Available records:
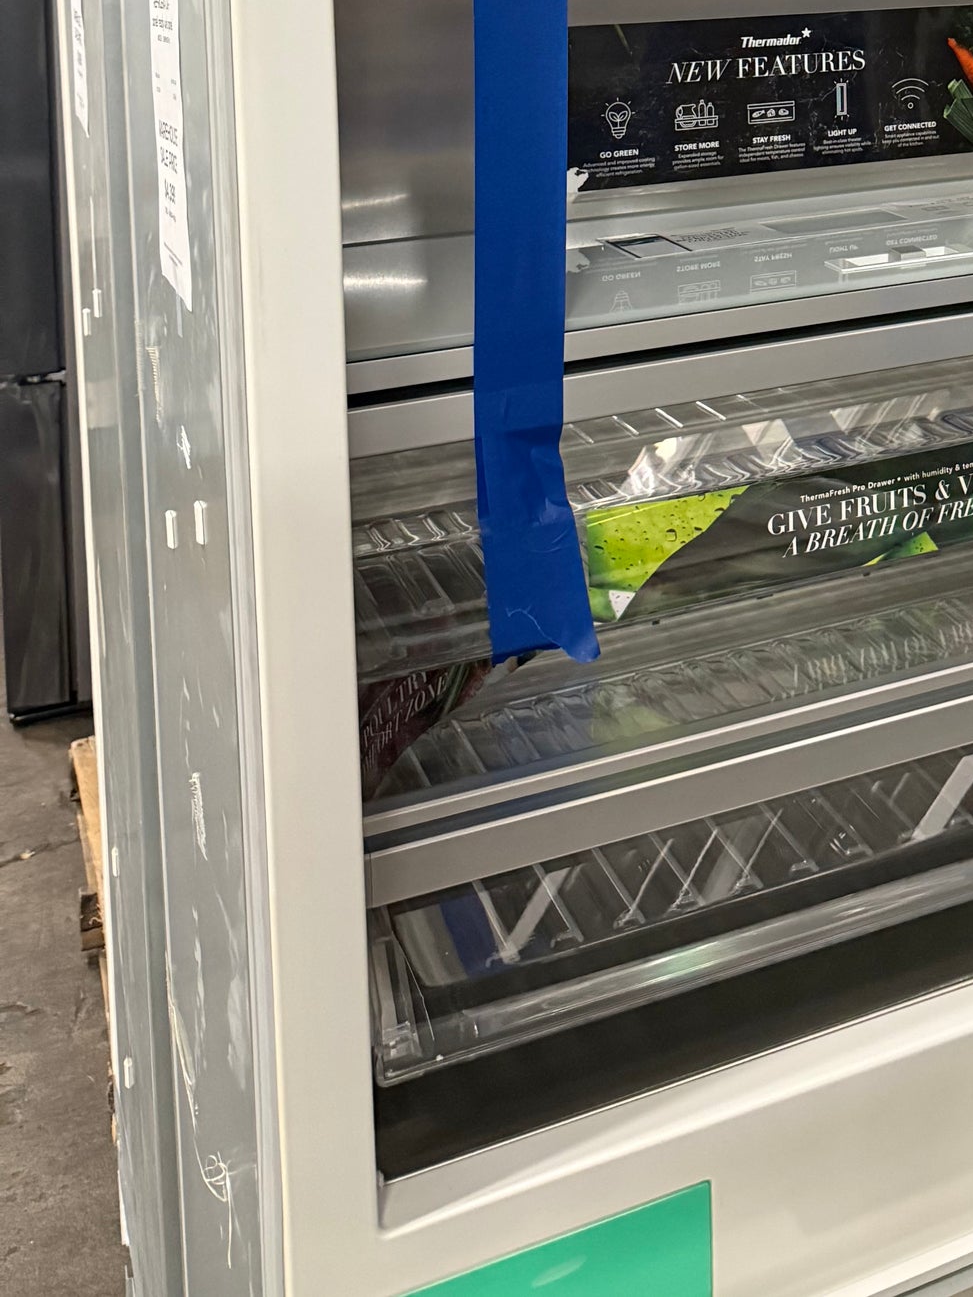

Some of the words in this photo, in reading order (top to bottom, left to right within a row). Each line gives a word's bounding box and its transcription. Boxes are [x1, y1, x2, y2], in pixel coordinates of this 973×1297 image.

[740, 34, 802, 48] Thermador
[665, 59, 732, 84] NEW
[736, 49, 866, 79] FEATURES
[827, 129, 847, 137] LIGHT
[848, 128, 858, 136] UP
[884, 124, 897, 132] GET
[897, 121, 937, 130] CONNECTED
[752, 136, 769, 144] STAY
[769, 134, 791, 142] FRESH
[674, 143, 698, 152] STORE
[698, 140, 720, 149] MORE
[599, 151, 612, 159] GO
[613, 149, 639, 158] GREEN
[800, 486, 850, 503] ThermaFresh
[852, 484, 866, 493] Pro
[868, 478, 896, 488] Drawer
[903, 471, 920, 482] with
[921, 466, 953, 478] humidity
[767, 503, 832, 536] GIVE
[839, 484, 927, 522] FRUITS
[935, 479, 950, 501] &
[782, 536, 798, 559] A
[804, 514, 900, 553] BREATH
[902, 506, 935, 531] OF
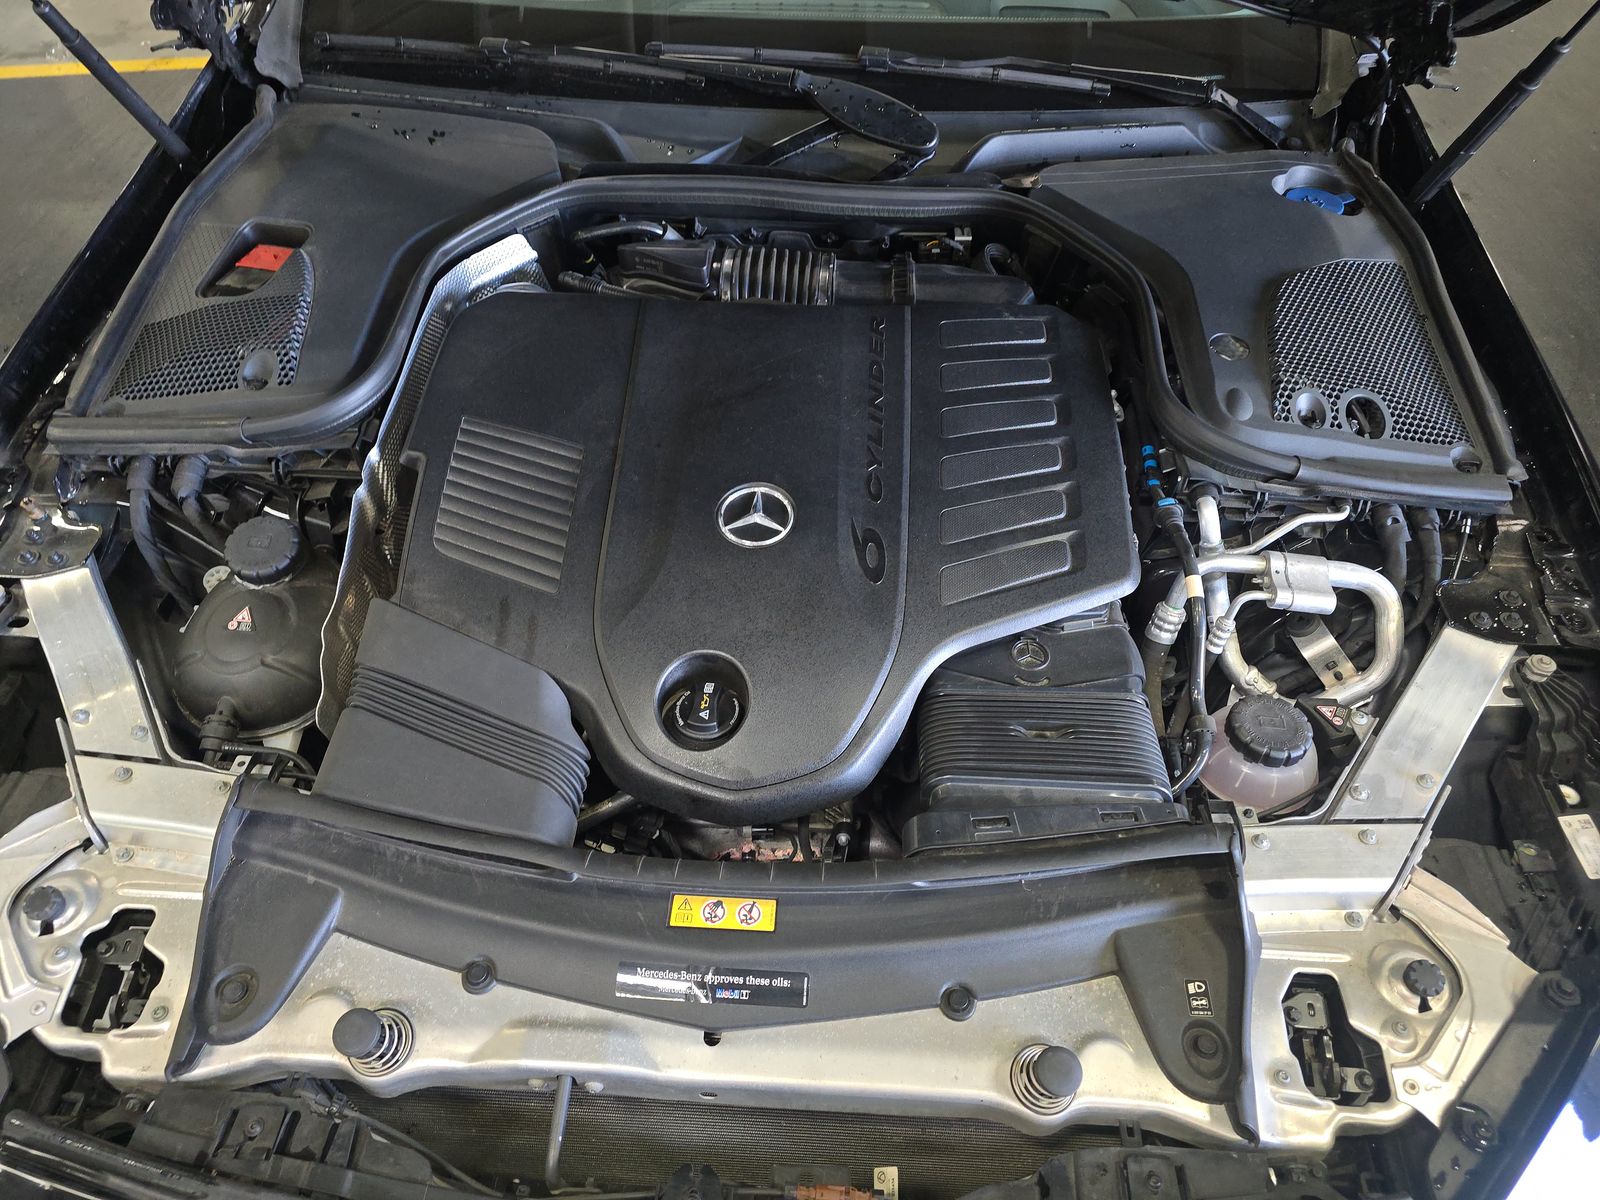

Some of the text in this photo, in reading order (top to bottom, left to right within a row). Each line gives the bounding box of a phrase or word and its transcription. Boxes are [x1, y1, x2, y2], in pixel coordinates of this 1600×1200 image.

[851, 317, 888, 585] 6 CYLINDER
[637, 967, 702, 982] Mercedes-Benz
[704, 973, 743, 985] approves
[746, 975, 770, 986] these
[658, 987, 707, 996] Mercedes-Bnz
[716, 987, 740, 999] Mobil

Problem to work on:
In the entries above, take the line containing "Some of the text" and each later line through the last, and repeat them exactly. Output nothing else.

Answer space:
Some of the text in this photo, in reading order (top to bottom, left to right within a row). Each line gives the bounding box of a phrase or word and its transcription. Boxes are [x1, y1, x2, y2], in pixel coordinates of this 1600×1200 image.

[851, 317, 888, 585] 6 CYLINDER
[637, 967, 702, 982] Mercedes-Benz
[704, 973, 743, 985] approves
[746, 975, 770, 986] these
[658, 987, 707, 996] Mercedes-Bnz
[716, 987, 740, 999] Mobil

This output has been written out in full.